— TASK TO COMPLETE —
The expected copy holds every entry exactly and none of the pictures.

— RECORDS FOR THE EXERCISE —
####################

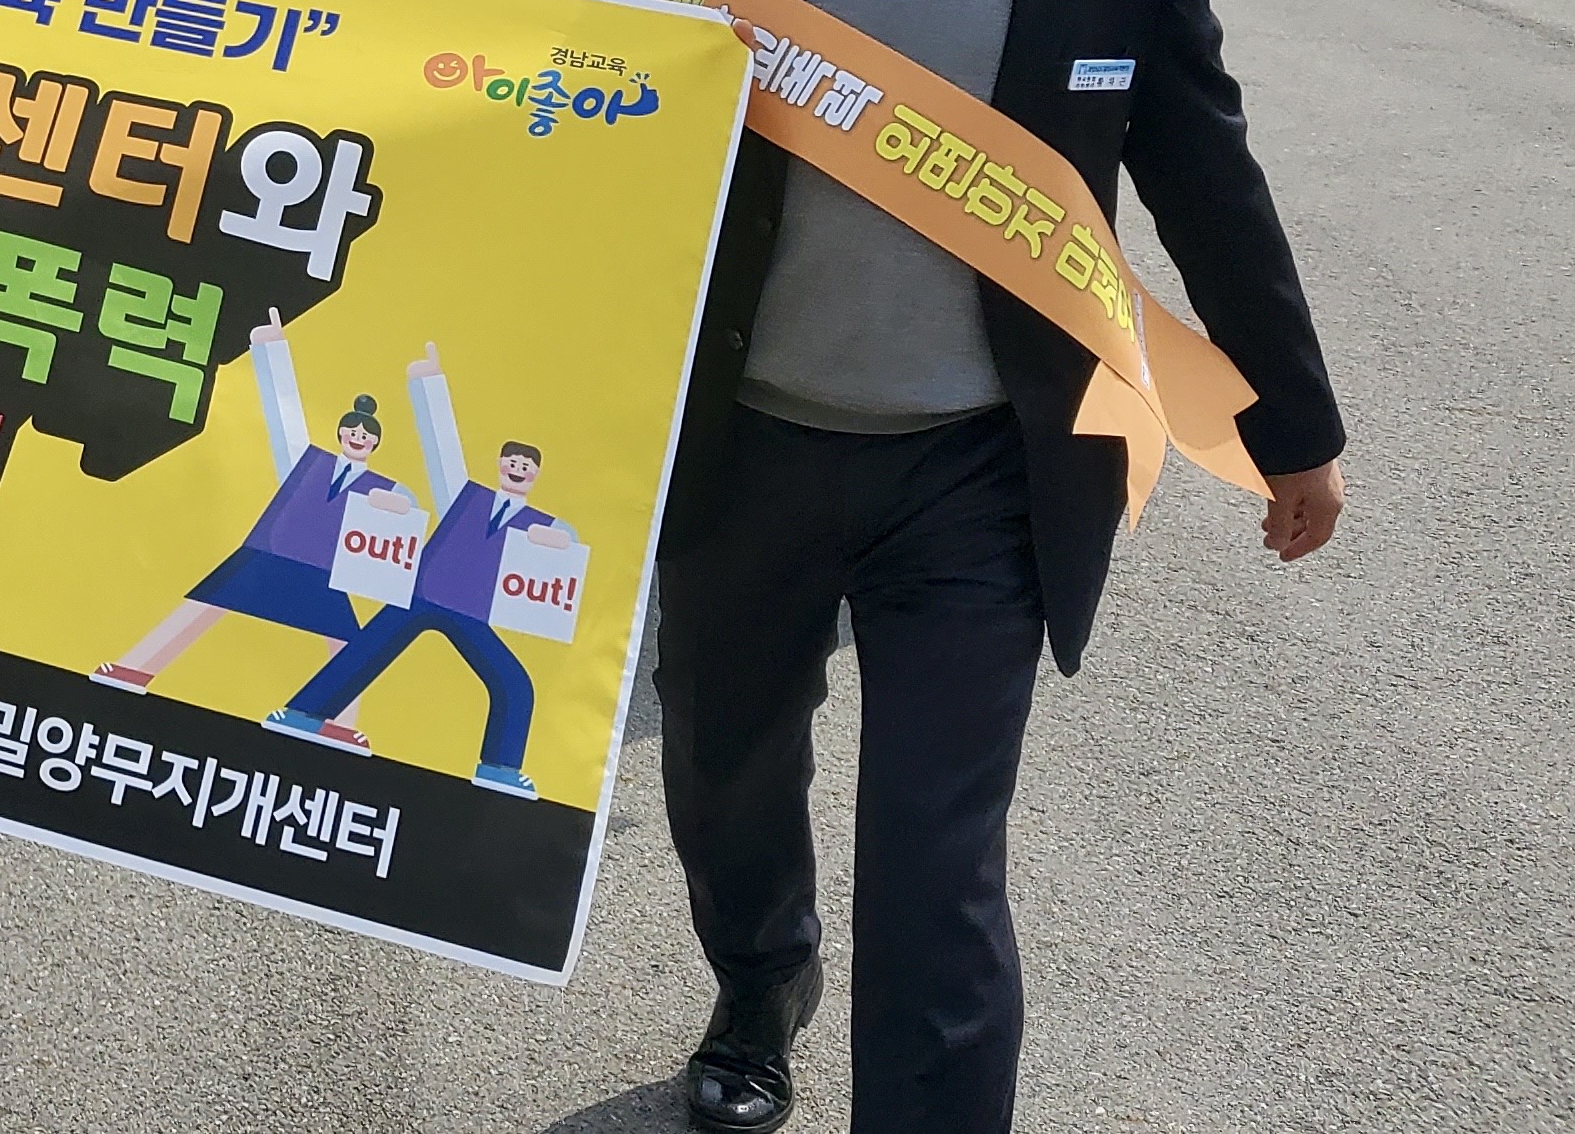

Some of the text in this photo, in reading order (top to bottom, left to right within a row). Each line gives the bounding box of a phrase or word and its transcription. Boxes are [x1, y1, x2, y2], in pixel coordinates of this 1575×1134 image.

[550, 46, 628, 77] 경남교육
[745, 21, 885, 132] 교폭력
[874, 104, 1066, 259] 외면하지
[343, 529, 418, 570] out!
[501, 572, 578, 612] out!

####################

— SOLUTION FOR THIS TASK —
Some of the text in this photo, in reading order (top to bottom, left to right within a row). Each line gives the bounding box of a phrase or word and its transcription. Boxes are [x1, y1, x2, y2], in pixel coordinates of this 1575×1134 image.

[550, 46, 628, 77] 경남교육
[745, 21, 885, 132] 교폭력
[874, 104, 1066, 259] 외면하지
[343, 529, 418, 570] out!
[501, 572, 578, 612] out!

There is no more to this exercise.